What is needed :: An exact restatement of the data below, with the pictures removed, is the required answer.

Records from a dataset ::
_____
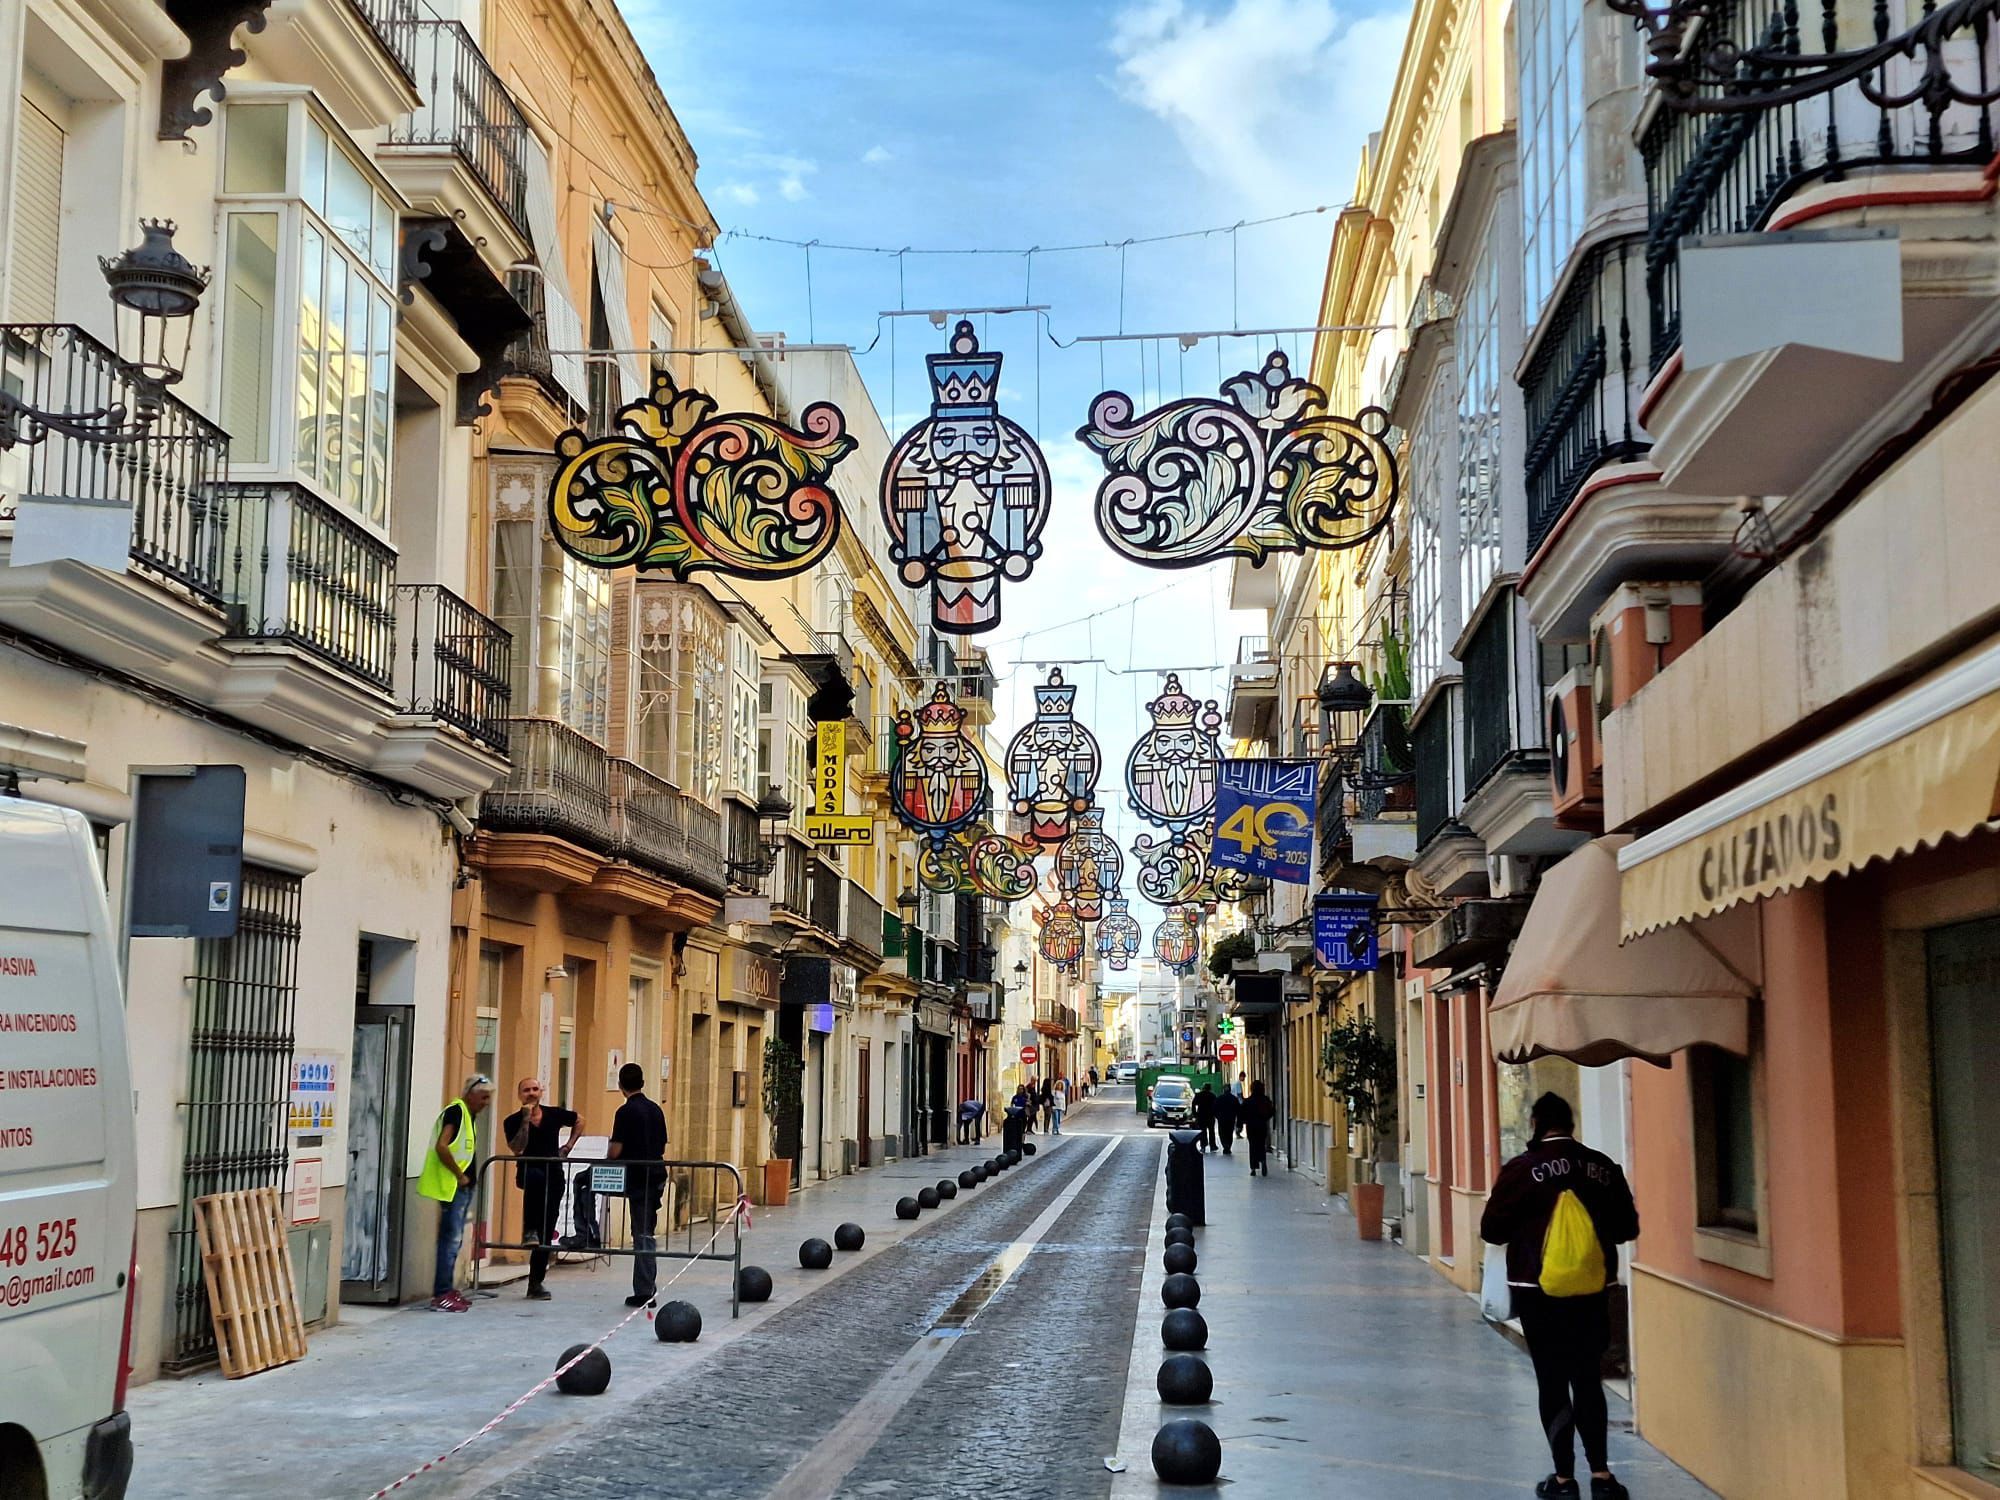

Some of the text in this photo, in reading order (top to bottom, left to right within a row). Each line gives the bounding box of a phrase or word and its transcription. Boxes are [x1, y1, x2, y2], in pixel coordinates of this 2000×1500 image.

[823, 755, 837, 812] MODAS
[807, 823, 871, 840] allero
[1261, 845, 1277, 860] 1985
[1285, 850, 1307, 865] 2025
[1699, 793, 1841, 901] CALZADOS
[15, 1014, 77, 1032] INCENDIOS
[8, 1068, 97, 1089] INSTALACIONES
[1531, 1158, 1571, 1182] GOOD
[0, 1218, 78, 1268] 48 525
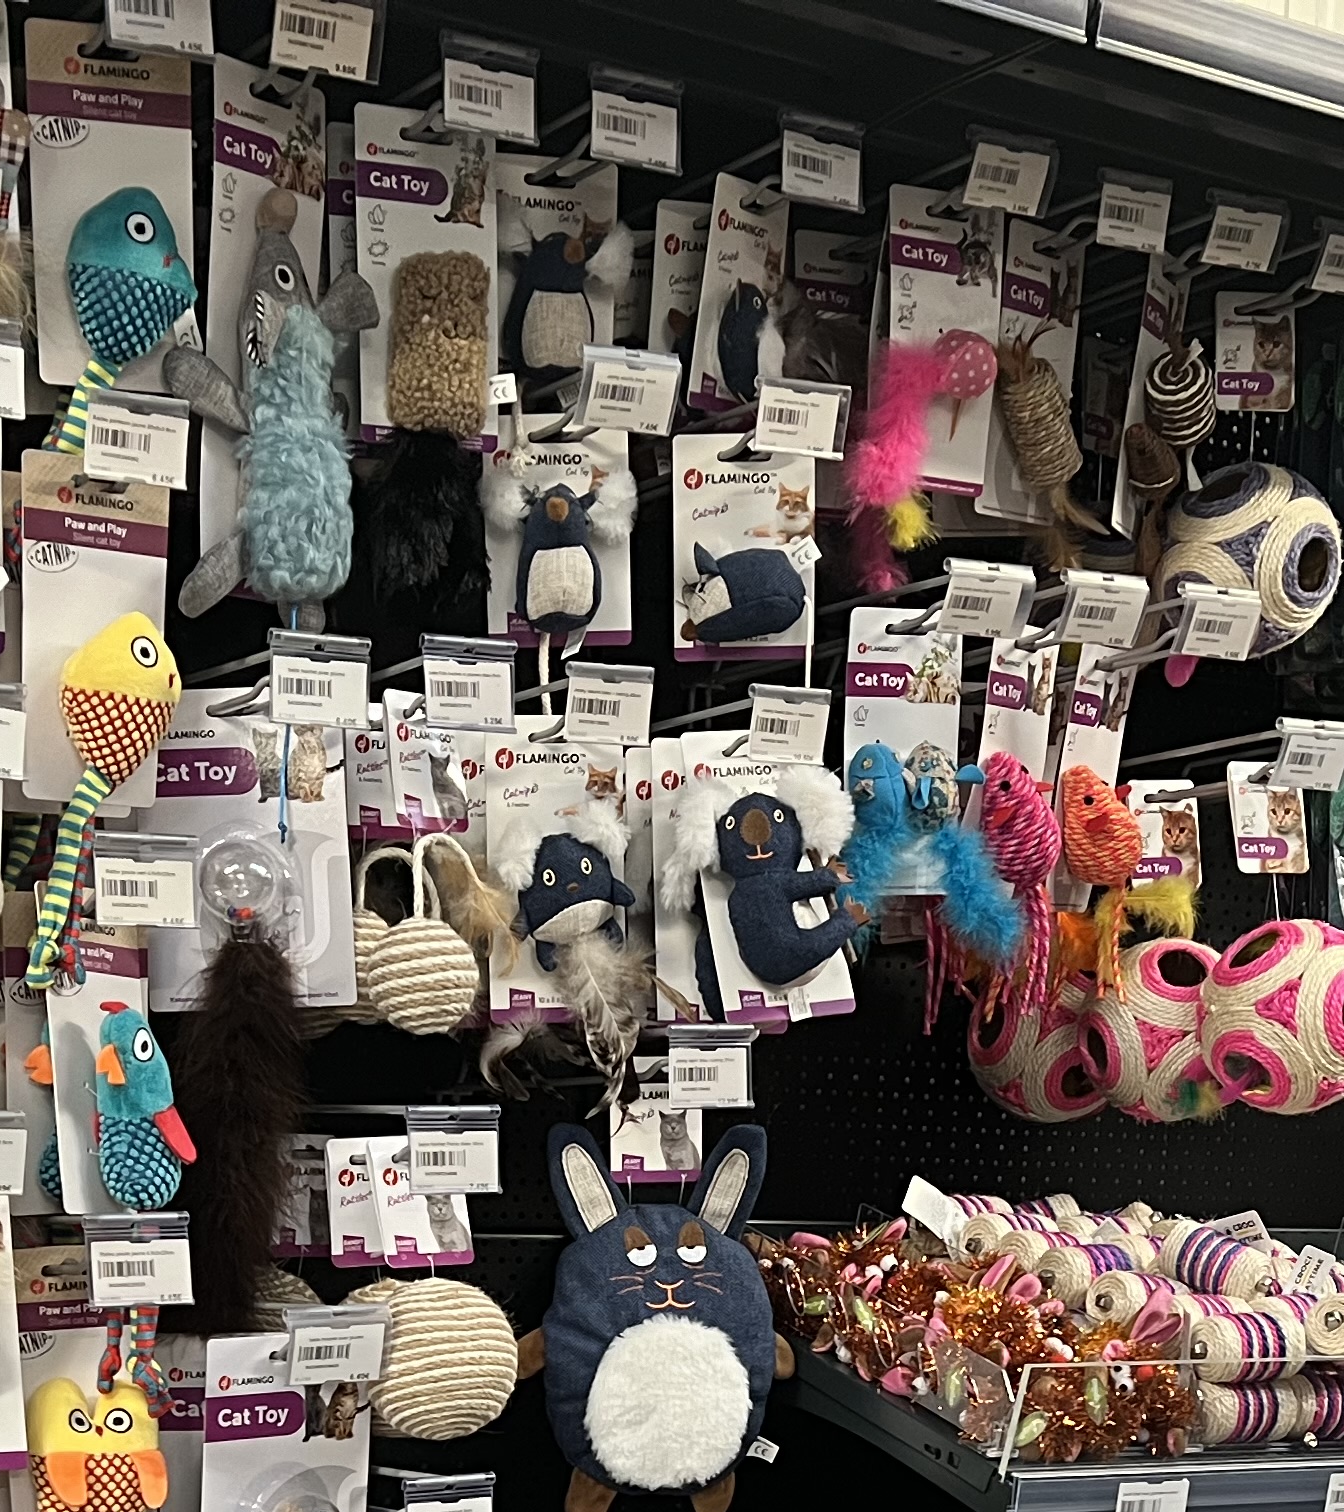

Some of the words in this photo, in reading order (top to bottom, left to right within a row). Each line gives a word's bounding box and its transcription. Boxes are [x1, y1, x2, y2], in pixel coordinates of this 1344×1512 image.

[84, 64, 150, 81] FLAMINGO
[42, 118, 81, 142] CATNIP
[223, 137, 247, 156] Cat
[249, 144, 273, 168] Toy
[369, 172, 396, 188] Cat
[400, 174, 429, 196] Toy
[902, 245, 921, 261] Cat
[924, 248, 948, 267] Toy
[1010, 283, 1027, 302] Cat
[1029, 287, 1045, 310] Toy
[1222, 379, 1238, 391] Cat
[1240, 379, 1259, 395] Toy
[704, 471, 771, 485] FLAMINGO
[75, 493, 134, 511] FLAMINGO
[36, 544, 71, 564] CATNIP
[855, 671, 878, 687] Cat
[880, 673, 904, 690] Toy
[992, 680, 1005, 697] Cat
[1007, 684, 1020, 701] Toy
[1074, 701, 1085, 714] Cat
[1086, 705, 1097, 717] Toy
[516, 752, 579, 765] FLAMINGO
[158, 761, 191, 781] Cat
[196, 761, 236, 784] Toy
[714, 765, 771, 777] FLAMINGO
[1242, 842, 1257, 853] Cat
[1259, 842, 1275, 855] Toy
[1136, 863, 1151, 873] Cat
[1153, 863, 1169, 876] Toy
[1295, 1254, 1312, 1285] CROCI
[232, 1375, 274, 1387] FLAMINGO
[217, 1406, 249, 1428] Cat
[252, 1404, 288, 1429] Toy
_____
Problem solution ::
Some of the text in this photo, in reading order (top to bottom, left to right within a row). Each line gives the bounding box of a phrase or word and its transcription. Boxes are [x1, y1, x2, y2], in pixel coordinates of this 2000×1500 image.

[823, 755, 837, 812] MODAS
[807, 823, 871, 840] allero
[1261, 845, 1277, 860] 1985
[1285, 850, 1307, 865] 2025
[1699, 793, 1841, 901] CALZADOS
[15, 1014, 77, 1032] INCENDIOS
[8, 1068, 97, 1089] INSTALACIONES
[1531, 1158, 1571, 1182] GOOD
[0, 1218, 78, 1268] 48 525

Some of the words in this photo, in reading order (top to bottom, left to right within a row). Each line gives a word's bounding box and its transcription. Boxes are [x1, y1, x2, y2], in pixel coordinates of this 1344×1512 image.

[84, 64, 150, 81] FLAMINGO
[42, 118, 81, 142] CATNIP
[223, 137, 247, 156] Cat
[249, 144, 273, 168] Toy
[369, 172, 396, 188] Cat
[400, 174, 429, 196] Toy
[902, 245, 921, 261] Cat
[924, 248, 948, 267] Toy
[1010, 283, 1027, 302] Cat
[1029, 287, 1045, 310] Toy
[1222, 379, 1238, 391] Cat
[1240, 379, 1259, 395] Toy
[704, 471, 771, 485] FLAMINGO
[75, 493, 134, 511] FLAMINGO
[36, 544, 71, 564] CATNIP
[855, 671, 878, 687] Cat
[880, 673, 904, 690] Toy
[992, 680, 1005, 697] Cat
[1007, 684, 1020, 701] Toy
[1074, 701, 1085, 714] Cat
[1086, 705, 1097, 717] Toy
[516, 752, 579, 765] FLAMINGO
[158, 761, 191, 781] Cat
[196, 761, 236, 784] Toy
[714, 765, 771, 777] FLAMINGO
[1242, 842, 1257, 853] Cat
[1259, 842, 1275, 855] Toy
[1136, 863, 1151, 873] Cat
[1153, 863, 1169, 876] Toy
[1295, 1254, 1312, 1285] CROCI
[232, 1375, 274, 1387] FLAMINGO
[217, 1406, 249, 1428] Cat
[252, 1404, 288, 1429] Toy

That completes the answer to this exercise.